* To do *
Please repeat all the entries. Nothing may differ.

* Material for the task *
○ ○ ○ ○

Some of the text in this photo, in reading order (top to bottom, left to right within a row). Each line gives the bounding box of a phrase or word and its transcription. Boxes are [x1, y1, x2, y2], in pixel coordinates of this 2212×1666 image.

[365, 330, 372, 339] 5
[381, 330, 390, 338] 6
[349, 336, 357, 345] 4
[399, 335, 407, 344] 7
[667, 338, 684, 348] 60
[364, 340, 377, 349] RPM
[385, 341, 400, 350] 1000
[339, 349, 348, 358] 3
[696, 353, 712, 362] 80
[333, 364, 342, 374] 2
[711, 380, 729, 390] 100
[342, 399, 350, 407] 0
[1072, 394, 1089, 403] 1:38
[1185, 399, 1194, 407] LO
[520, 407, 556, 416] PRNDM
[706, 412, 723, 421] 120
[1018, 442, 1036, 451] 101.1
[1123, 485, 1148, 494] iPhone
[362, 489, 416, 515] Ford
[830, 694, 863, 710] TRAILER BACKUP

○ ○ ○ ○

* Result *
Some of the text in this photo, in reading order (top to bottom, left to right within a row). Each line gives the bounding box of a phrase or word and its transcription. Boxes are [x1, y1, x2, y2], in pixel coordinates of this 2212×1666 image.

[365, 330, 372, 339] 5
[381, 330, 390, 338] 6
[349, 336, 357, 345] 4
[399, 335, 407, 344] 7
[667, 338, 684, 348] 60
[364, 340, 377, 349] RPM
[385, 341, 400, 350] 1000
[339, 349, 348, 358] 3
[696, 353, 712, 362] 80
[333, 364, 342, 374] 2
[711, 380, 729, 390] 100
[342, 399, 350, 407] 0
[1072, 394, 1089, 403] 1:38
[1185, 399, 1194, 407] LO
[520, 407, 556, 416] PRNDM
[706, 412, 723, 421] 120
[1018, 442, 1036, 451] 101.1
[1123, 485, 1148, 494] iPhone
[362, 489, 416, 515] Ford
[830, 694, 863, 710] TRAILER BACKUP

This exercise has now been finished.